Phoenician Temple Discovered
Aerial view of excavation area
Photo source: Monsters and Critics Science News Jim Davila at paleojudaica notes the discovery of a Phoenician Temple in Sicily. The Italian news agency report states:
The temple came to light last year after a portion of a lagoon surrounding the Phoenician city of Motya (present-day Mozia) was drained ......
Digs at the site, on the westernmost tip of Sicily near Marsala, have brought to light the ruins of a "monumental" temple including columns of a type used by the Phoenicians on Cyprus - as well as fragments of an obelisk .
"The similarity with the Temple of the Obelisks at Byblos, Lebanon, is clear," Nigro said .
Nigro believes the pool flanking the temple was used for water rituals and offerings to Baal, the Phoenician god of the sea and the underworld.
However, other Italian archaeologists do not agree with him.
...
Motya - whose name means "wool-spinning centre" - was founded in the 8th century BC, about a century after the foundation of the most famous Phoenician colony in the ancient world, Carthage in Tunisia .
Greeks also began to colonise Sicily at the same time as Motya's foundation and conflicts broke out between Greek and Phoenician settlements.
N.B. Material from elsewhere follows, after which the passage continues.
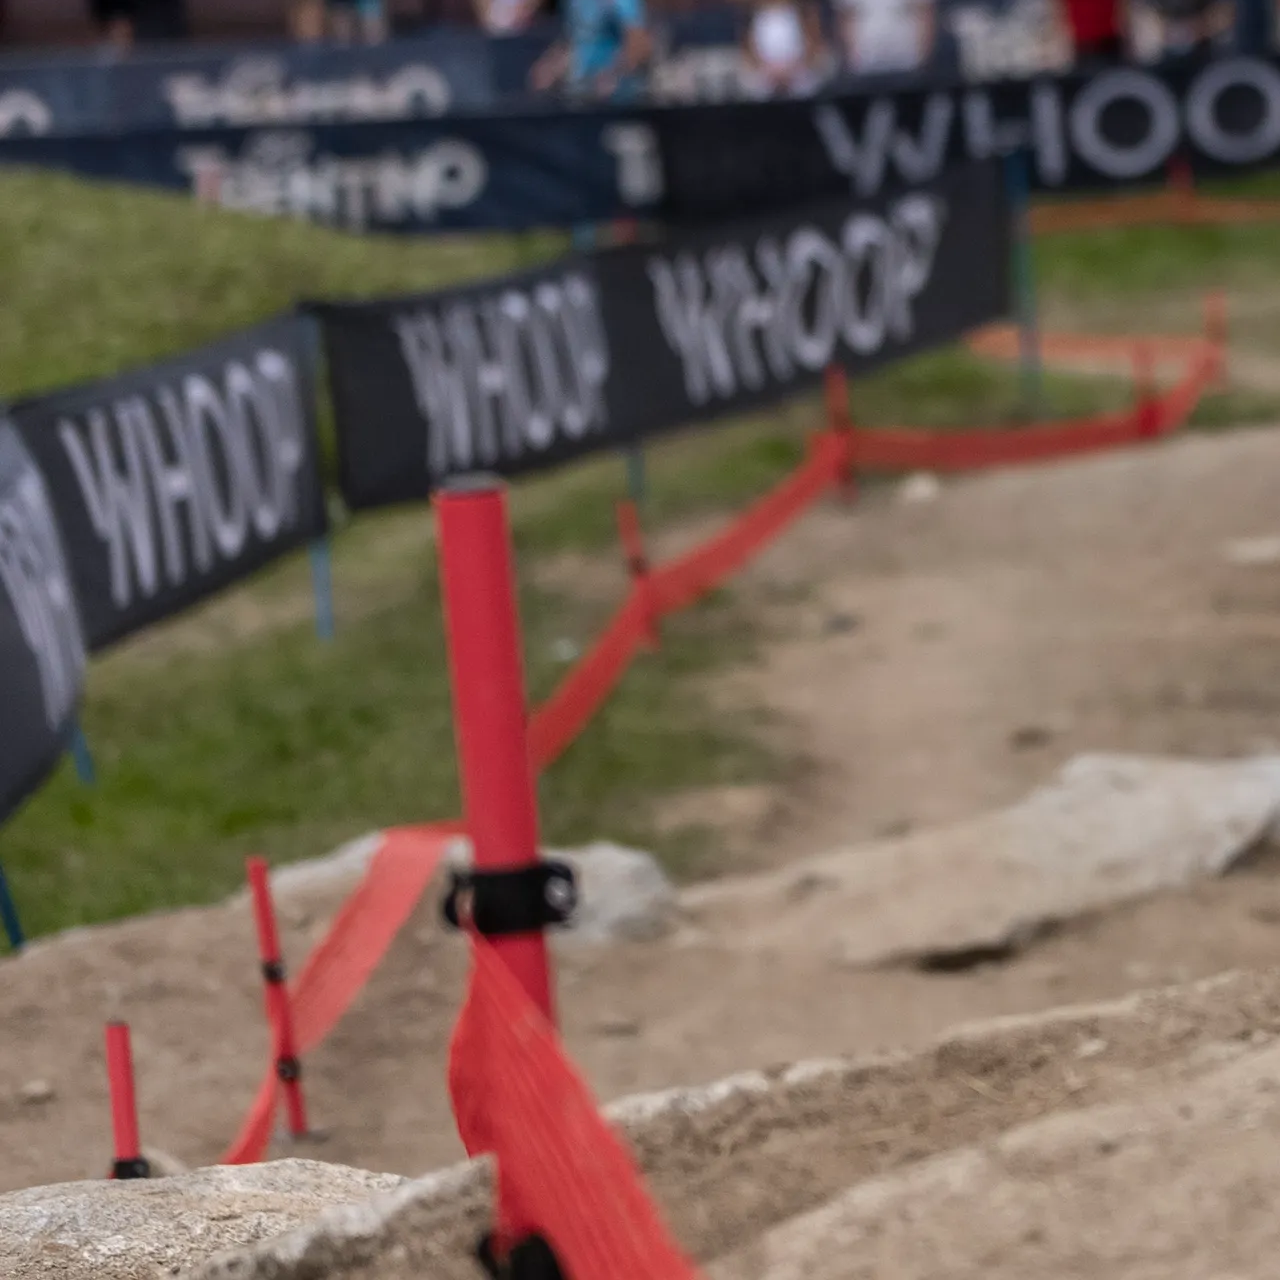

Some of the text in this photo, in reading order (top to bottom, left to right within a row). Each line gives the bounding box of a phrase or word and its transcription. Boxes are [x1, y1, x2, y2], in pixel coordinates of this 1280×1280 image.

[397, 272, 608, 473] WHOOP
[647, 195, 945, 406] WHOOP
[60, 348, 306, 607] WHOOP
The Greek tyrant ruler of Siracusa, Dionysius I, destroyed Motya in 397 BC.
There is no doubt that a Sea god was of importance to Phoenicians, who were known sailors. In Ugaritic mythology, Yam, not Baal, was the Sea and Underworld God. However, Ribichini writes that there may be several Phoenician dieties that could be associated as the "Lord of the Sea" and mentions Baal Malage as a possible Sea god. He also mentions dedications to the originally Tyrian Melqarth in Sicily. So it's not clear which Baal is refered to here.
Here is a slightly different shorter report (but perhaps that makes it more accurate). It also has an image gallery of the excavations that actually captions the photos. I couldn't tell from the Italian news agency article if the column photo was from the excavations, but thanks to the caption in the image gallery, it probably is.
References:
- Clifford, Richard J. "Phoenician Religion". Bulletin of the American Schools of Oriental Research 279 (1990): 55-64.
- Ribichini, Sergio. "Beliefs and Religious Life". In The Phoenicians, ed. Sabatino Moscati. New York: Rizolli International Publications, 1999.Show Notes
- Segert, Stanislav. "Review of The Phoenicians, under the scientific direction of Sabatino Moscati (1988)". Journal of the American Oriental Society 111/4 (1991): 811-814.